ちなみに同チャンネルによると「エルヴィス・プレスリーもまだ生きている」という。


たまたま図書館で読んだ本が「Counterknowledge(ガセネタ)」。英国のジャーナリスト、Damian Thompson が2008年に書いた。巷に流れるウワサの中から、ニューヨークの同時多発テロやアポロ月面着陸の裏話、代替医療に関する話題やナチスのユダヤ人の虐殺否定説など、根拠のない流言や陰謀説を検証する。


著者によると、危険なのは、①証拠がないのに、なんとなく辻褄が合っている話、②好きな芸能人などが勧める薬品や健康法など。
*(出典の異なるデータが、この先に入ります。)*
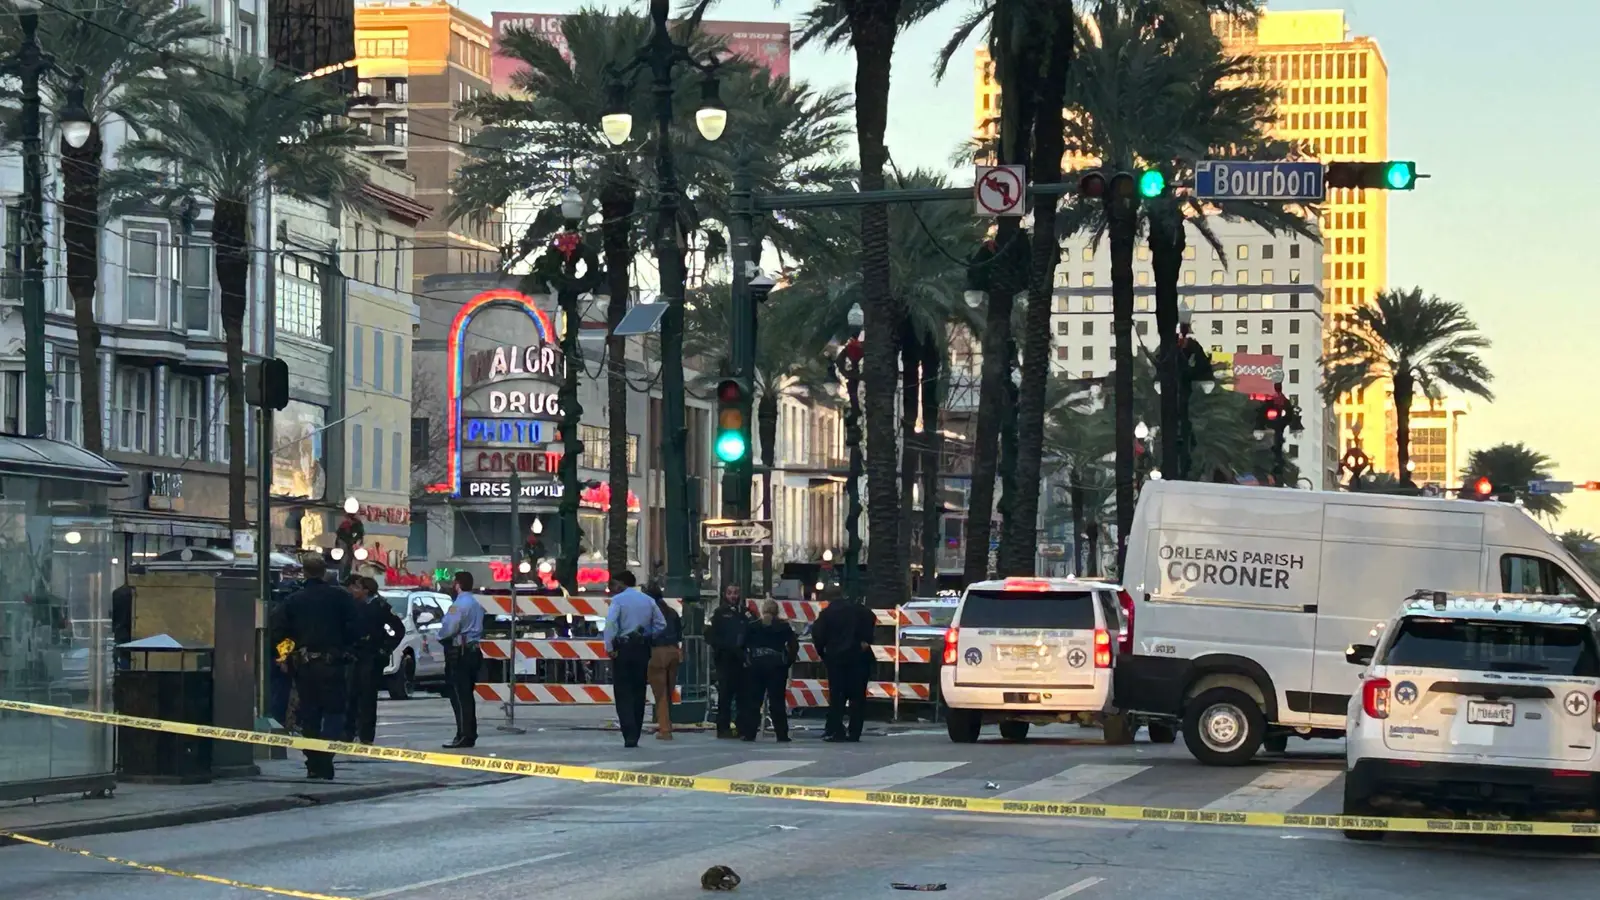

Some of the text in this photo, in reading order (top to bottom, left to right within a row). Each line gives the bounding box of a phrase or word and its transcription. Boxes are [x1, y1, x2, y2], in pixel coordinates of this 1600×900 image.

[1214, 164, 1316, 196] Bourbon
[490, 390, 566, 417] DRUG
[468, 420, 541, 444] PHOTO
[1159, 545, 1304, 569] ORLEANS PARISH
[1167, 561, 1289, 590] CORONER
また、陰謀説などが流行る背景には、政府や宗教、企業やメディアなどの権威のほころびや信頼の失墜があるという。


しかも、AIの発達やネットによる拡散で、誤解を招きかねない情報やニュースが次から次へとやってくる。僕もマイケル・ジャクソンやプレスリー生存説を面白がっていると、そのうち足をすくわれるかもしれない。